**WHAT YOU WILL DO:**
Reproduce, with no alteration, the span of lines that begins at the line containing "Some of the words" and ends at the last line of the records, both ends included, and nothing else.

[Referring expression grounding data]
┄┄┄┄┄┄┄┄┄┄┄┄┄┄┄┄┄┄┄┄

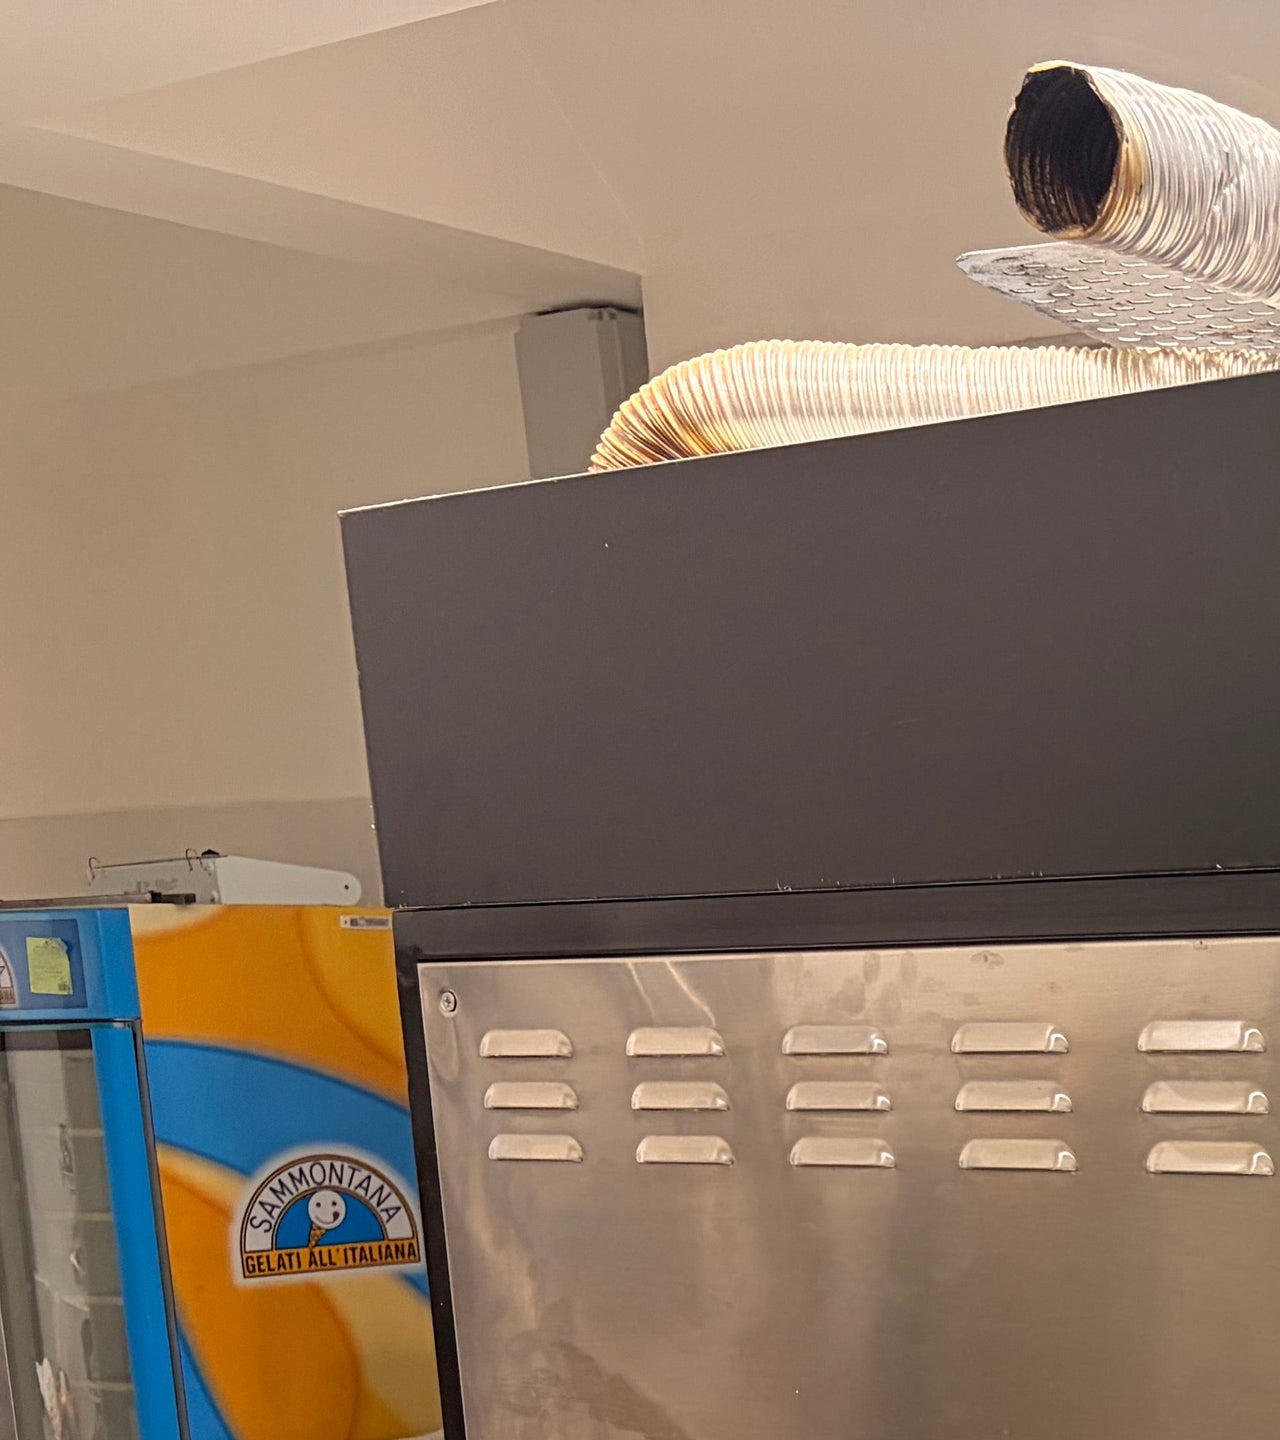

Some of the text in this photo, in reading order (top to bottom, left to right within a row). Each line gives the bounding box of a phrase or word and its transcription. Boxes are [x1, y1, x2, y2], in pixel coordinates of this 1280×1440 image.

[250, 1161, 402, 1233] SAMMONTANA
[245, 1242, 418, 1274] GELATI ALL'ITALIANA
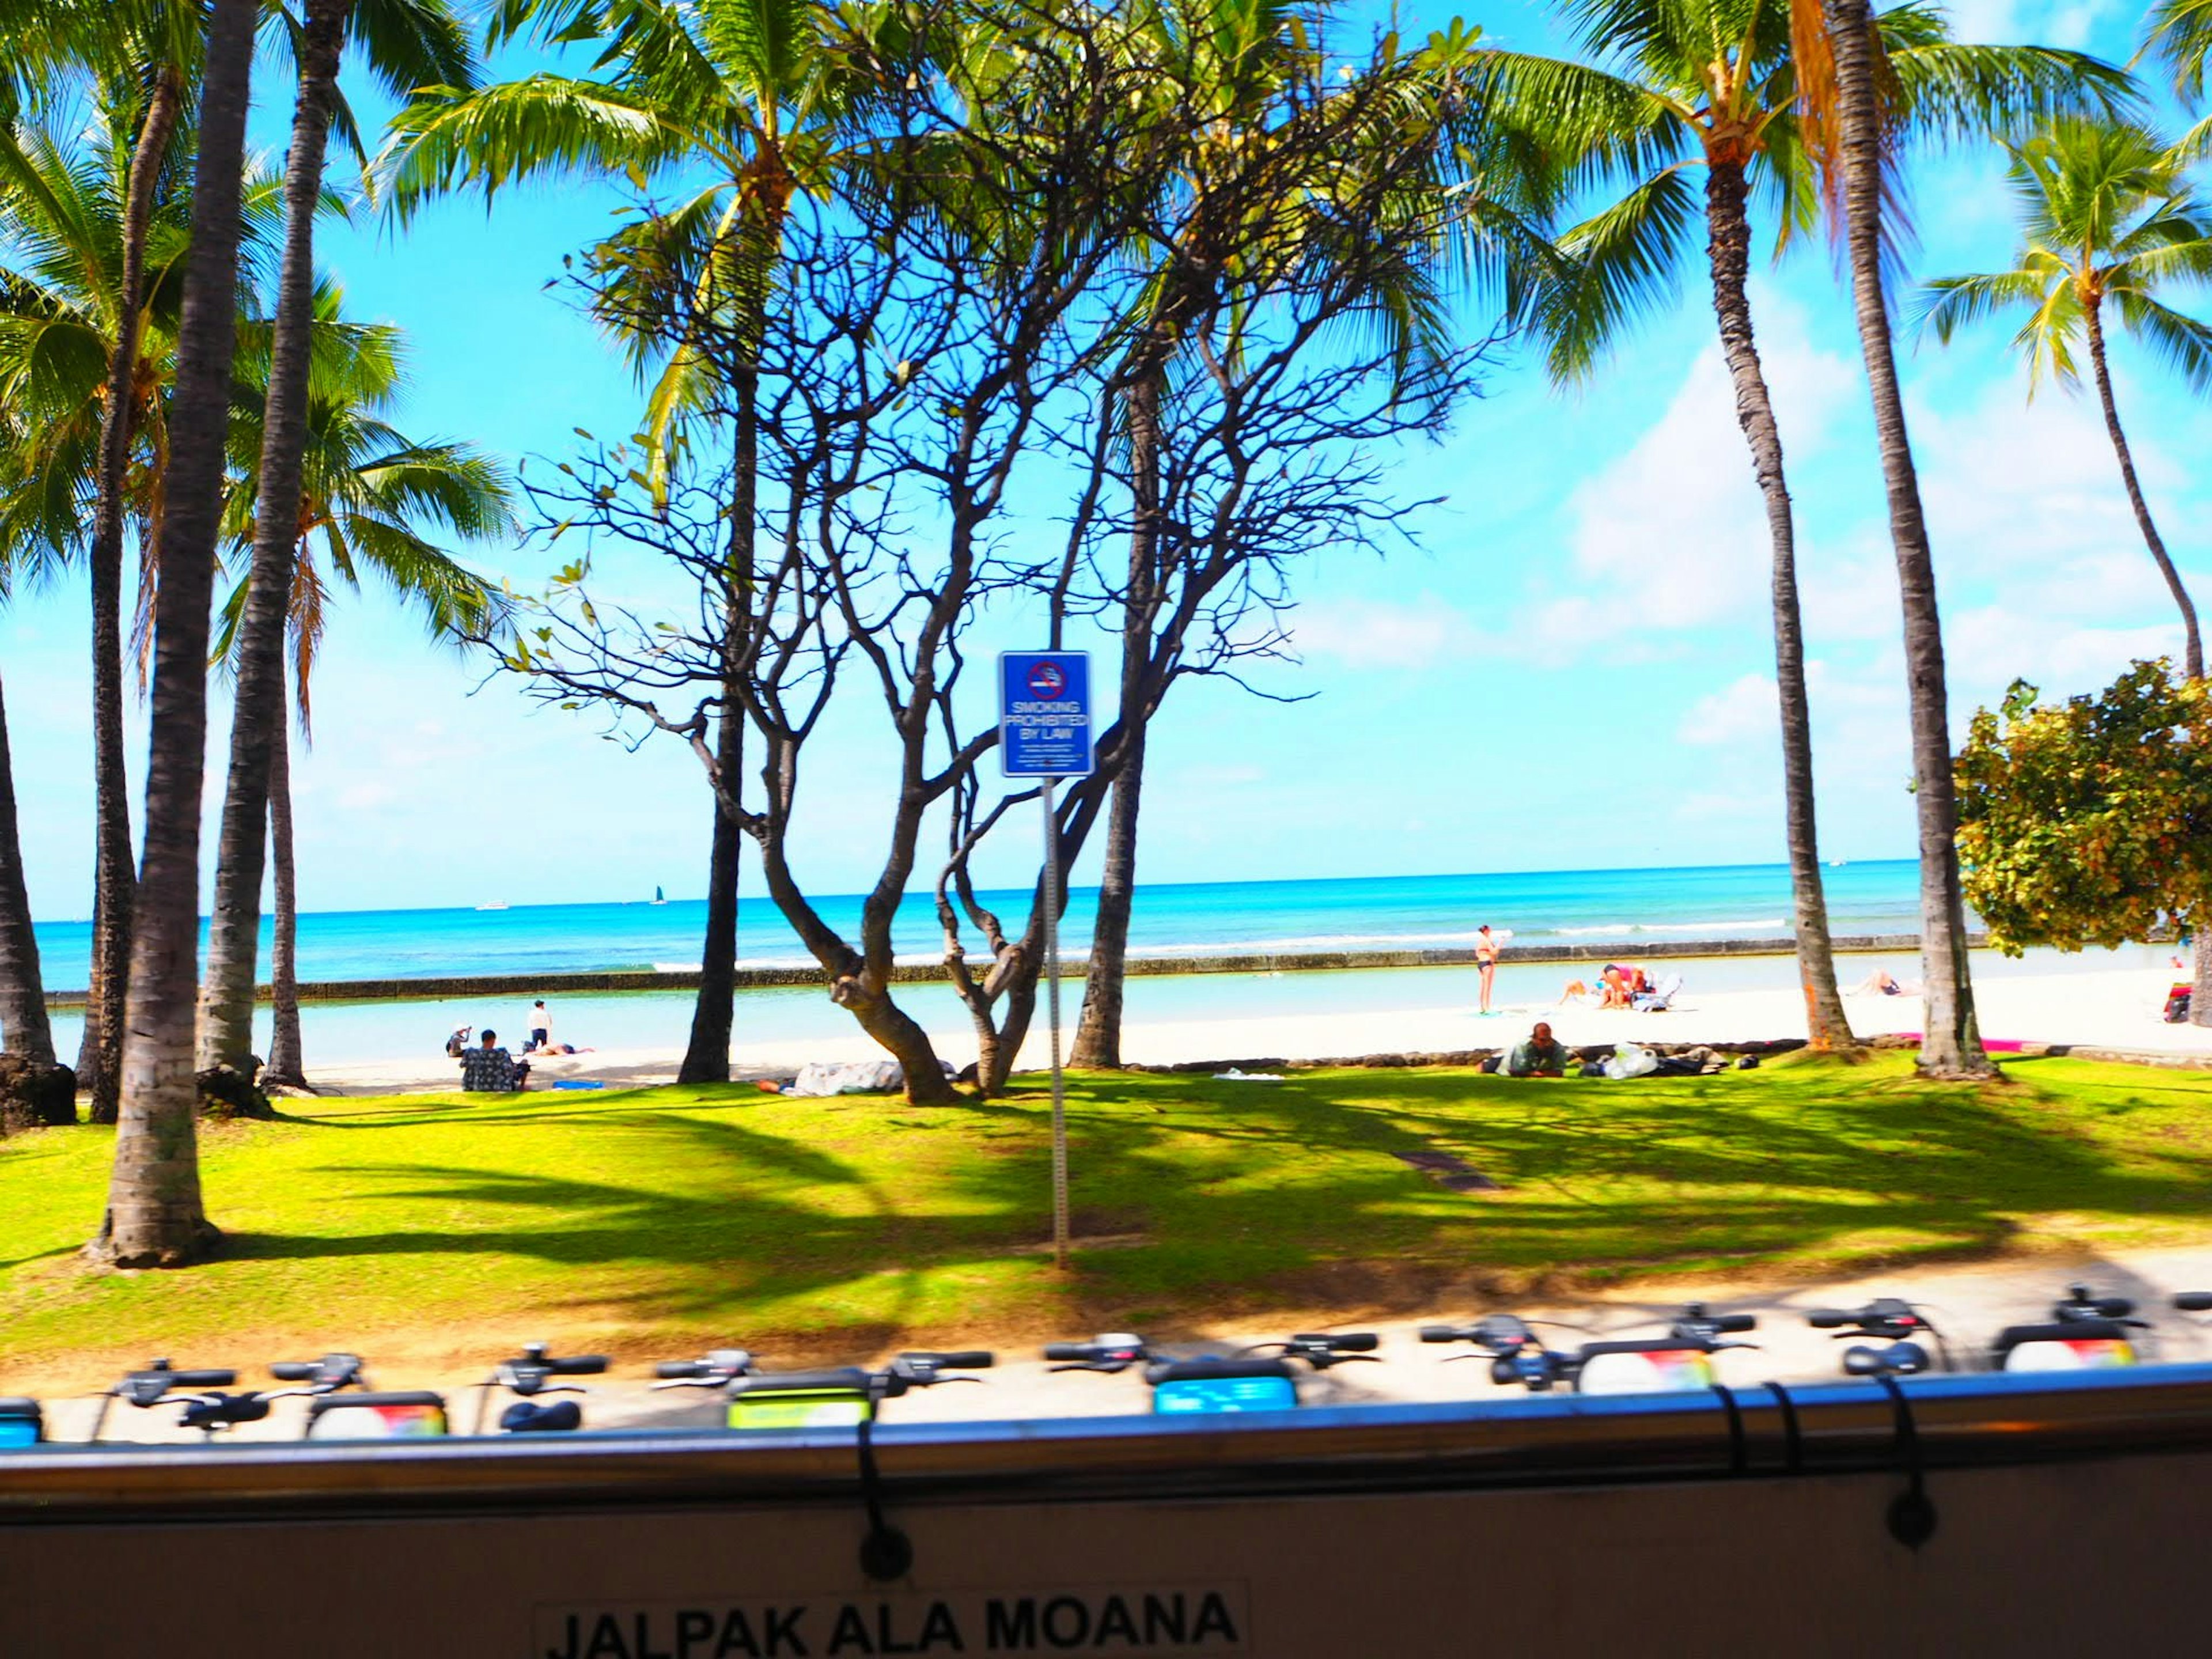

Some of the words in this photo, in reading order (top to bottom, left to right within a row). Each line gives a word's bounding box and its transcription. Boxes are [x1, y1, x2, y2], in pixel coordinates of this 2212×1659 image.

[1012, 701, 1081, 714] SMOKING
[1005, 714, 1088, 727] PROHIBITED
[1019, 728, 1039, 740] BY
[1041, 728, 1074, 740] LAW
[546, 1605, 811, 1659] JALPAK
[826, 1599, 965, 1655] ALA
[985, 1590, 1240, 1650] MOANA

┄┄┄┄┄┄┄┄┄┄┄┄┄┄┄┄┄┄┄┄

**SOLUTION FOR THIS EXERCISE:**
Some of the words in this photo, in reading order (top to bottom, left to right within a row). Each line gives a word's bounding box and its transcription. Boxes are [x1, y1, x2, y2], in pixel coordinates of this 2212×1659 image.

[1012, 701, 1081, 714] SMOKING
[1005, 714, 1088, 727] PROHIBITED
[1019, 728, 1039, 740] BY
[1041, 728, 1074, 740] LAW
[546, 1605, 811, 1659] JALPAK
[826, 1599, 965, 1655] ALA
[985, 1590, 1240, 1650] MOANA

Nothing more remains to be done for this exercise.